Capturing the real
Michael Sharkey works as an associate producer on documentaries, including a Netflix film on K-Pop phenomenon BLACKPINK.
Michael Sharkey, KLN ’16, knows how to bring a story to life. An associate producer on documentary films and series, she’s the backbone of the crew, seeing projects through from pre-production planning to post-production finishing touches.
Her most recent project was her biggest yet: the Netflix documentary BLACKPINK: Light Up the Sky, which tells the story of how four young women were brought together to form one of the world’s most popular bands, South Korean girl group BLACKPINK. “People give you such trust to tell these very important stories, which feels like such a privilege,” Sharkey said.
She has always been drawn to filmmaking, but it was the behind-the-scenes featurettes for the nature documentary Planet Earth, which she watched in high school, that truly fired her imagination. She had been diagnosed with a chronic illness that sometimes left her bed-ridden. Watching Planet Earth not only helped her escape, it showed her what a career in film could be like.
When she was ready for college, she knew she wanted to study at a state university with a strong foundation in the arts. Her older sister was an Owl, which encouraged Sharkey to apply. “I got to see her entire four years there and how much she loved it and all the different things that she was able to do,” she said.
Temple became Sharkey’s launchpad. “I had no experience with film or anything like that on a real level until I went to Temple,” she said. “It was a perfect place to experiment and meet all kinds of people of all kinds of different backgrounds and have that influence you.”
A double major, she also joined the student government and won a Diamond Award, which is given to students who have shown superior leadership and service to the university. Her family supported her passion for film, but was concerned about how she would make her way in such a competitive field. The media studies and production major helped reassure them. “I was grateful to have that broader education, because you can take classes in audio mixing and voiceover and things beyond just film. But all of that comes into play in film itself,” she said.

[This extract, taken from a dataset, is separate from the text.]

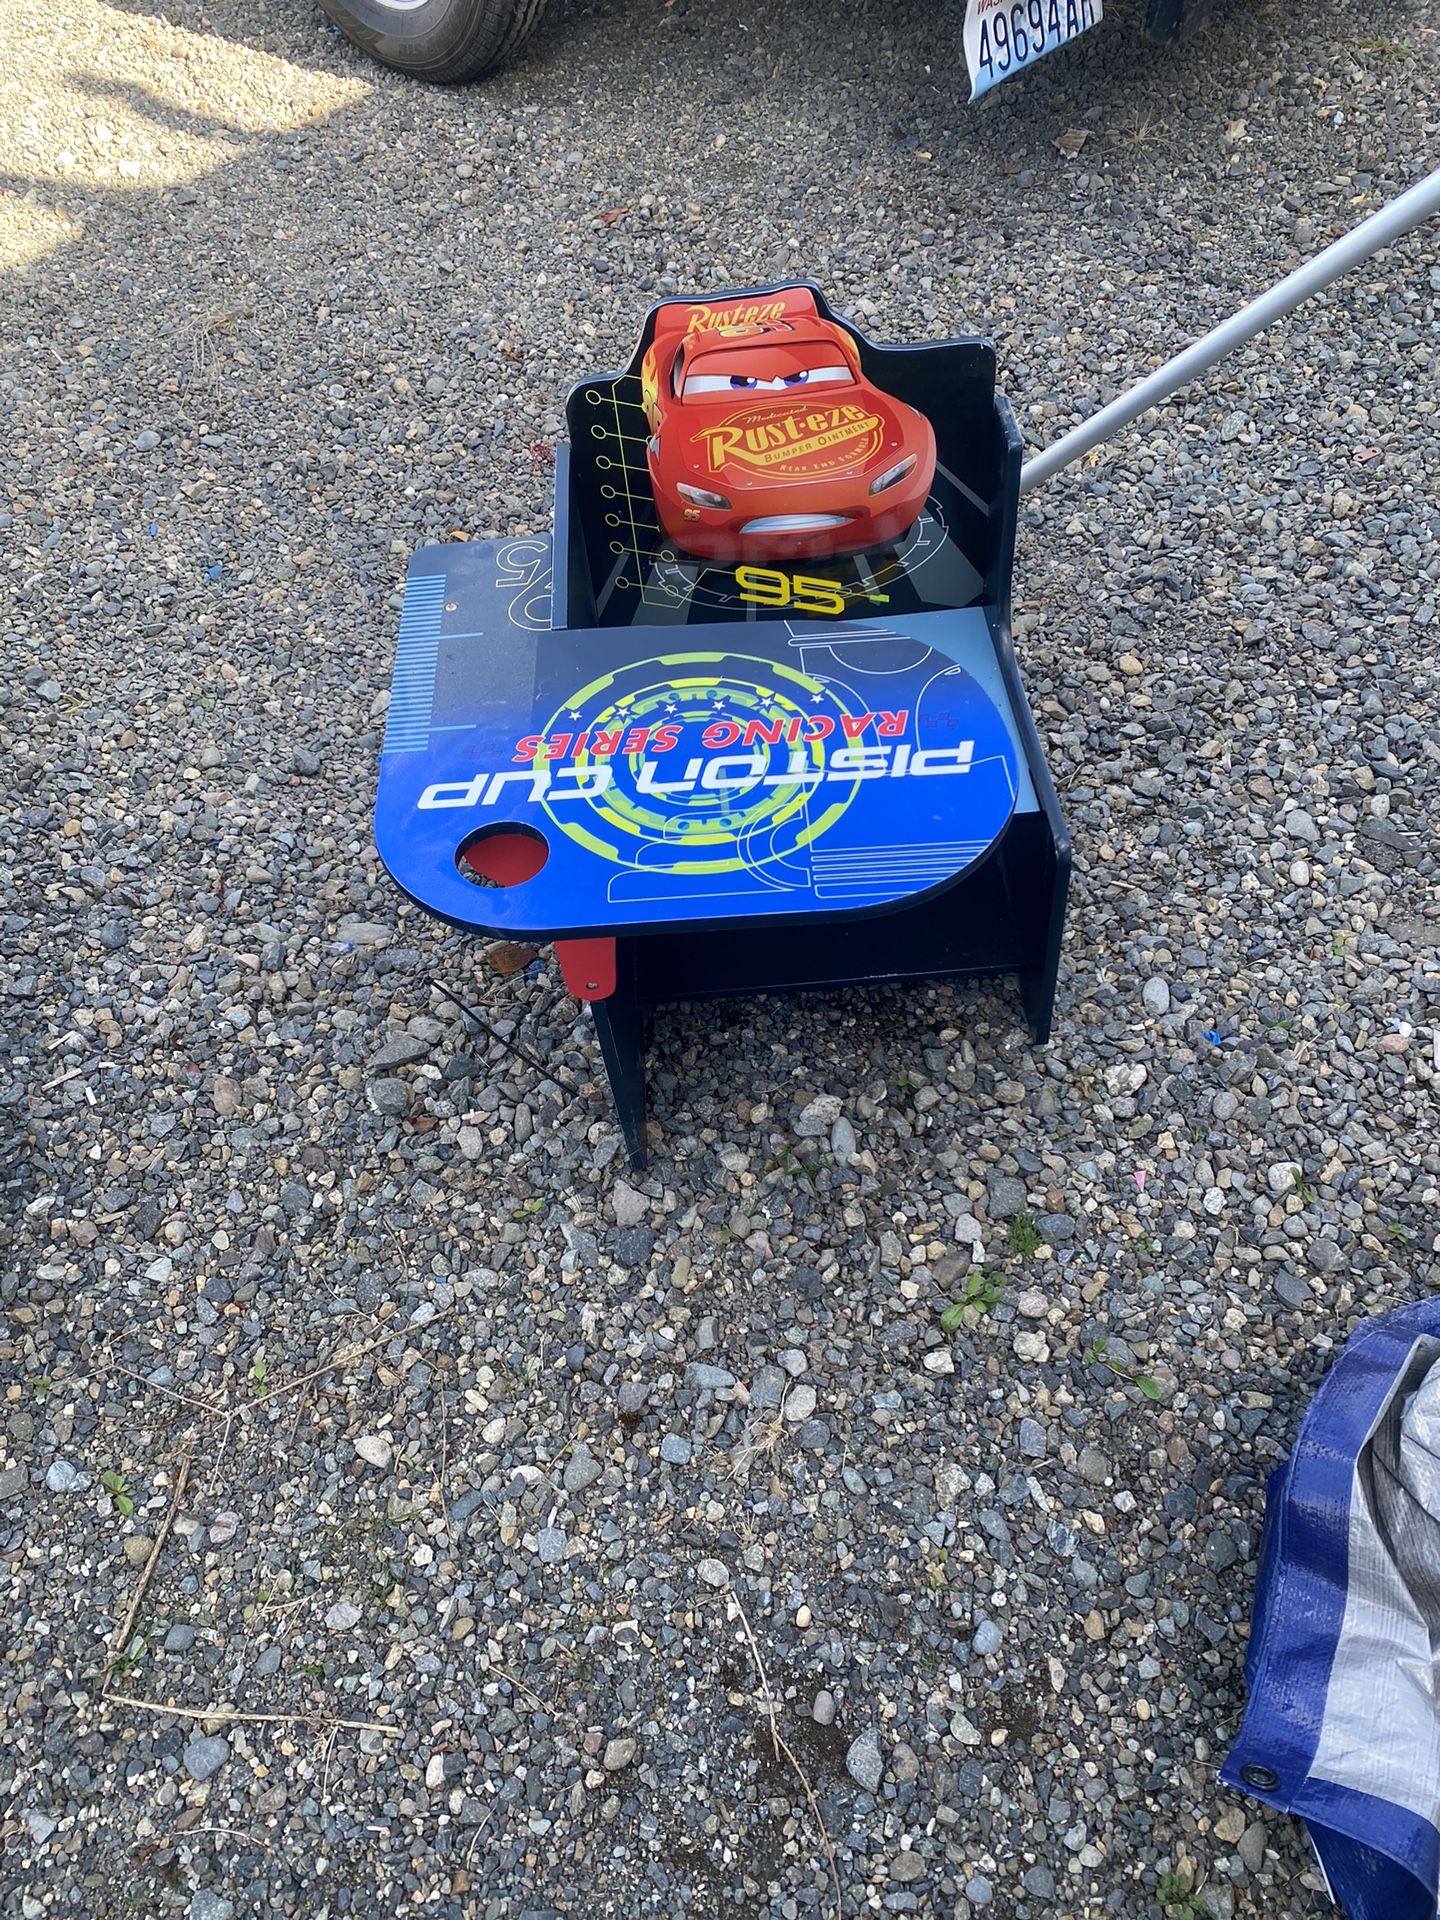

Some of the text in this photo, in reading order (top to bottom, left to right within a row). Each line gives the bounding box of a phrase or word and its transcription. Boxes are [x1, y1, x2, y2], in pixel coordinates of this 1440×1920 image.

[683, 508, 701, 521] 95
[736, 565, 845, 614] 95
[510, 709, 910, 763] RACING SERIES
[417, 739, 974, 810] PISTON CUP

And her other major made for an unusual combination. “Anthropology was honestly just for myself,” she said. “I had extra credit [from college-level classes she took before coming to Temple] and I thought, ‘I’m going to make the most of my four years here.’ I could have graduated pretty early if I had just done one major. And I didn’t want to do that.”
She was also delighted to find that the two majors overlapped: visual anthropology, like nonfiction film, focuses on the study of human beings.

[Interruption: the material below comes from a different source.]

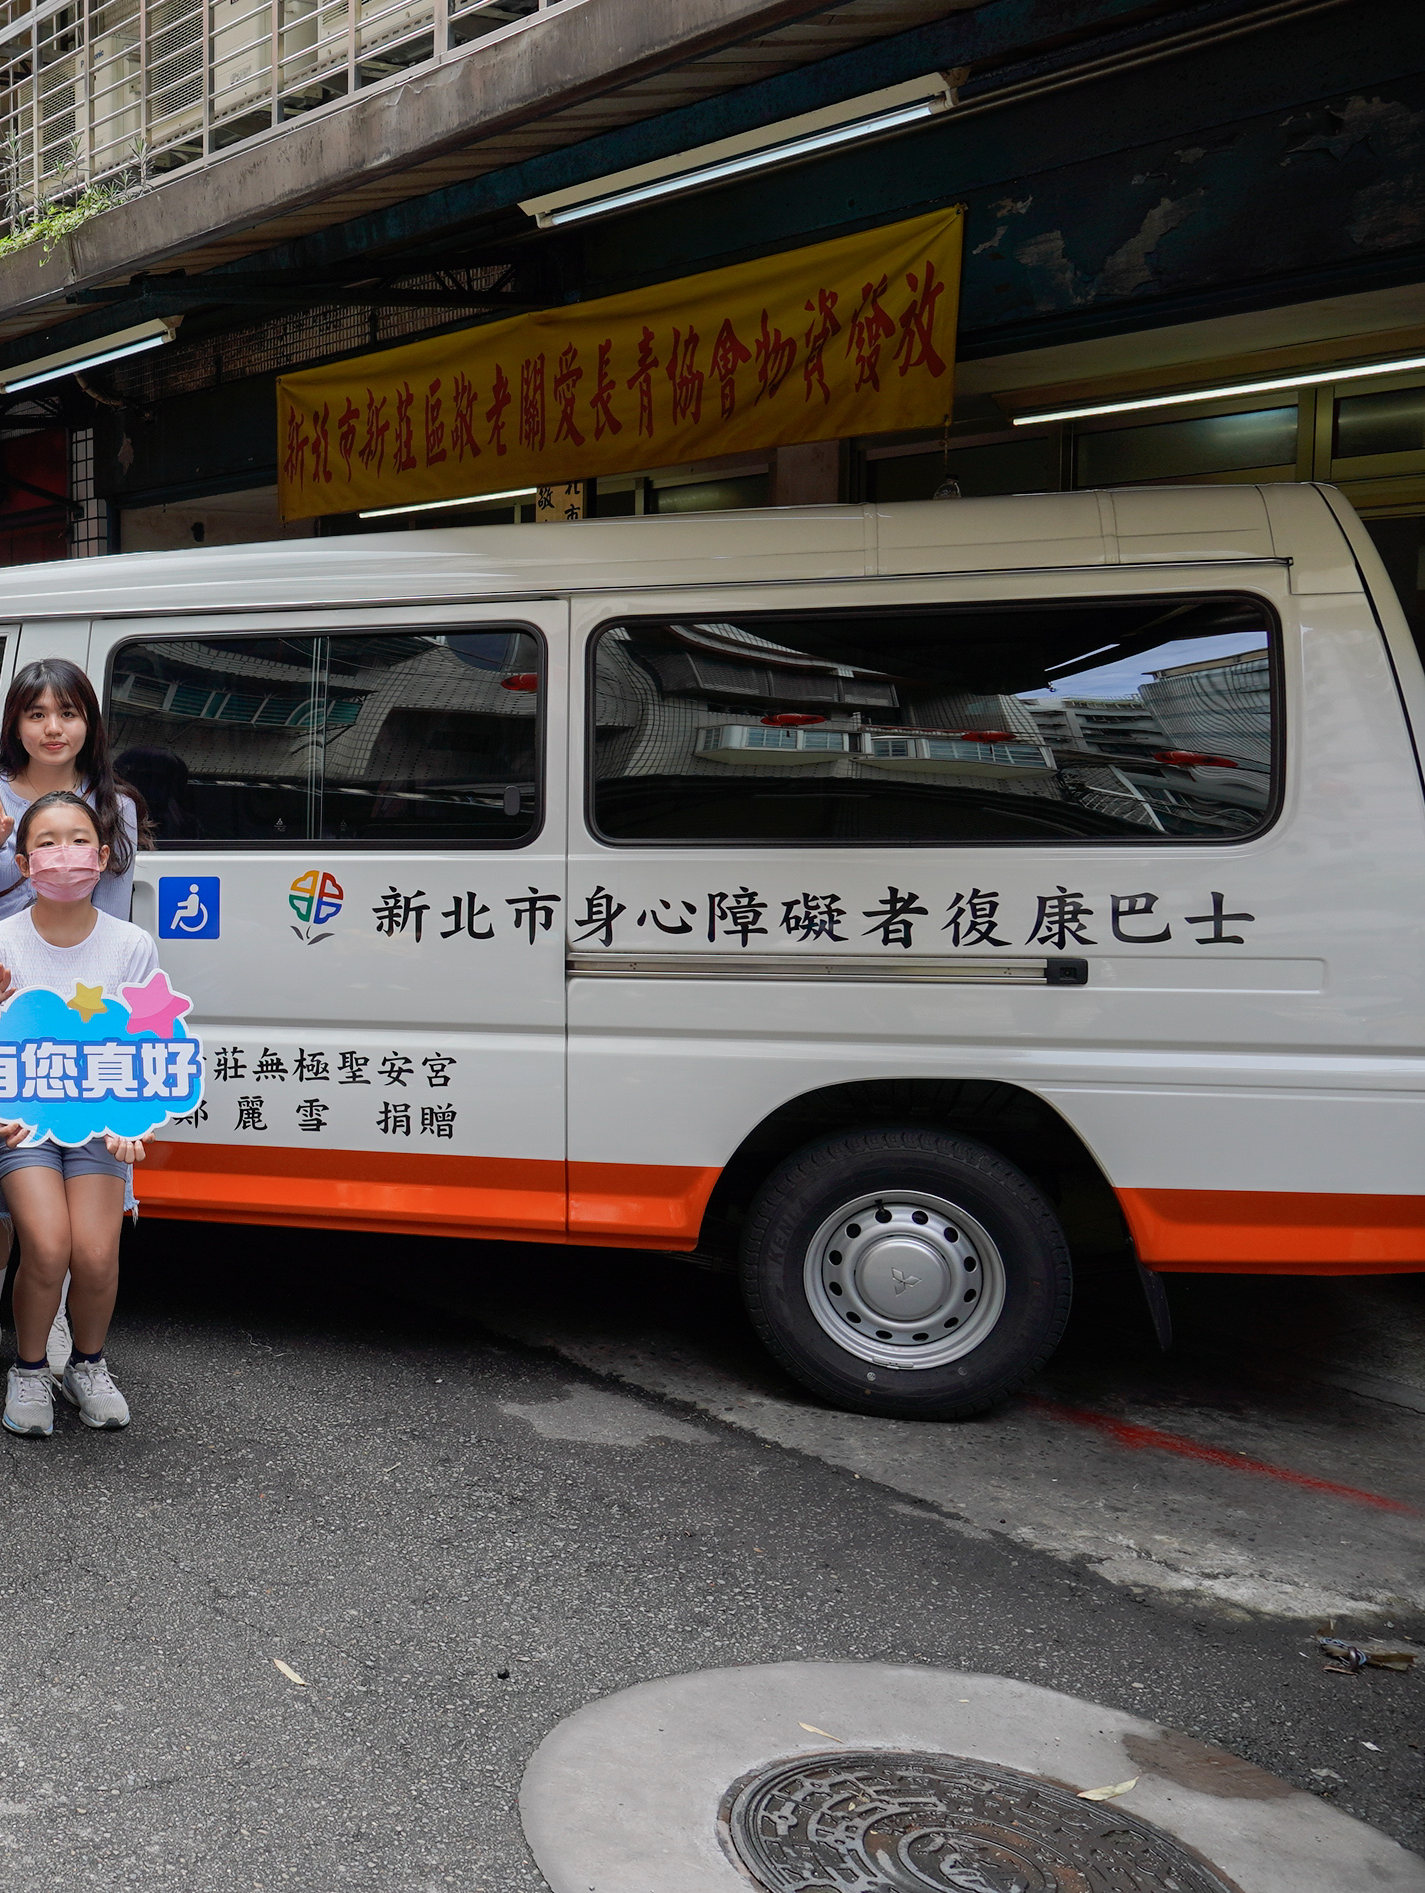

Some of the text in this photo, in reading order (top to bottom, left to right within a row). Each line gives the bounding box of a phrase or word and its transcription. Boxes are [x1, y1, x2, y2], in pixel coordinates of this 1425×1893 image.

One of her favorite classes was documentary filmmaking, where students worked on one short documentary for an entire semester. “You got to develop it in much the same way it’s done in real life, just on a shorter time scale,” she said. “That’s when I really realized what I wanted to do. I thought, ‘Yes, this is it.’ You can just tap into that flow that you feel when you’re doing something you love. That was huge for me.”
After graduating, Sharkey started working in production, first as a production assistant, then as an associate producer. For BLACKPINK: Light Up the Sky, she helped the crew prepare for filming in South Korea, ironing out logistics and securing permission to shoot at different locations.
“Once we shifted to post-production, BLACKPINK specifically was a very archival heavy project,” she said. The band’s representatives gave the crew a hard drive with over 50 terabytes of footage. “My responsibility became going through all of that with my producer and finding the film in it.” She also researched and licensed third-party archive material that appears in the documentary, including news coverage of the band from South Korea and Thailand.
Documentary filmmakers are a close-knit group: once you build a reputation, you build relationships as well. “Documentary film crews are typically much smaller teams [than television ones],” she said. “There’s really only a handful of us—I could count them on one hand—who created BLACKPINK. That means leaning on each other, trusting each other and just creating a space where you feel safe to pitch ideas to one another.”
Part of the thrill of working on the film was immersing herself in the world of BLACKPINK and their fans. The band itself is multilingual, which helps feed its cross-cultural appeal. And Sharkey feels audiences are drawn to the independence the young women project as part of their image, alongside their sweetness. “It’s the duality of black versus pink, ferocious, badass girl power versus the sweet and cutesy girly vibe,” she said. “In K-Pop, usually a girl group will have one of those themes but not the other.”
Now Sharkey is working on another Netflix project, this time a series. “The thing I love the most is just being able to tell these stories,” she said. “Documentary filmmaking allows you to do things in life that you would never otherwise have done.”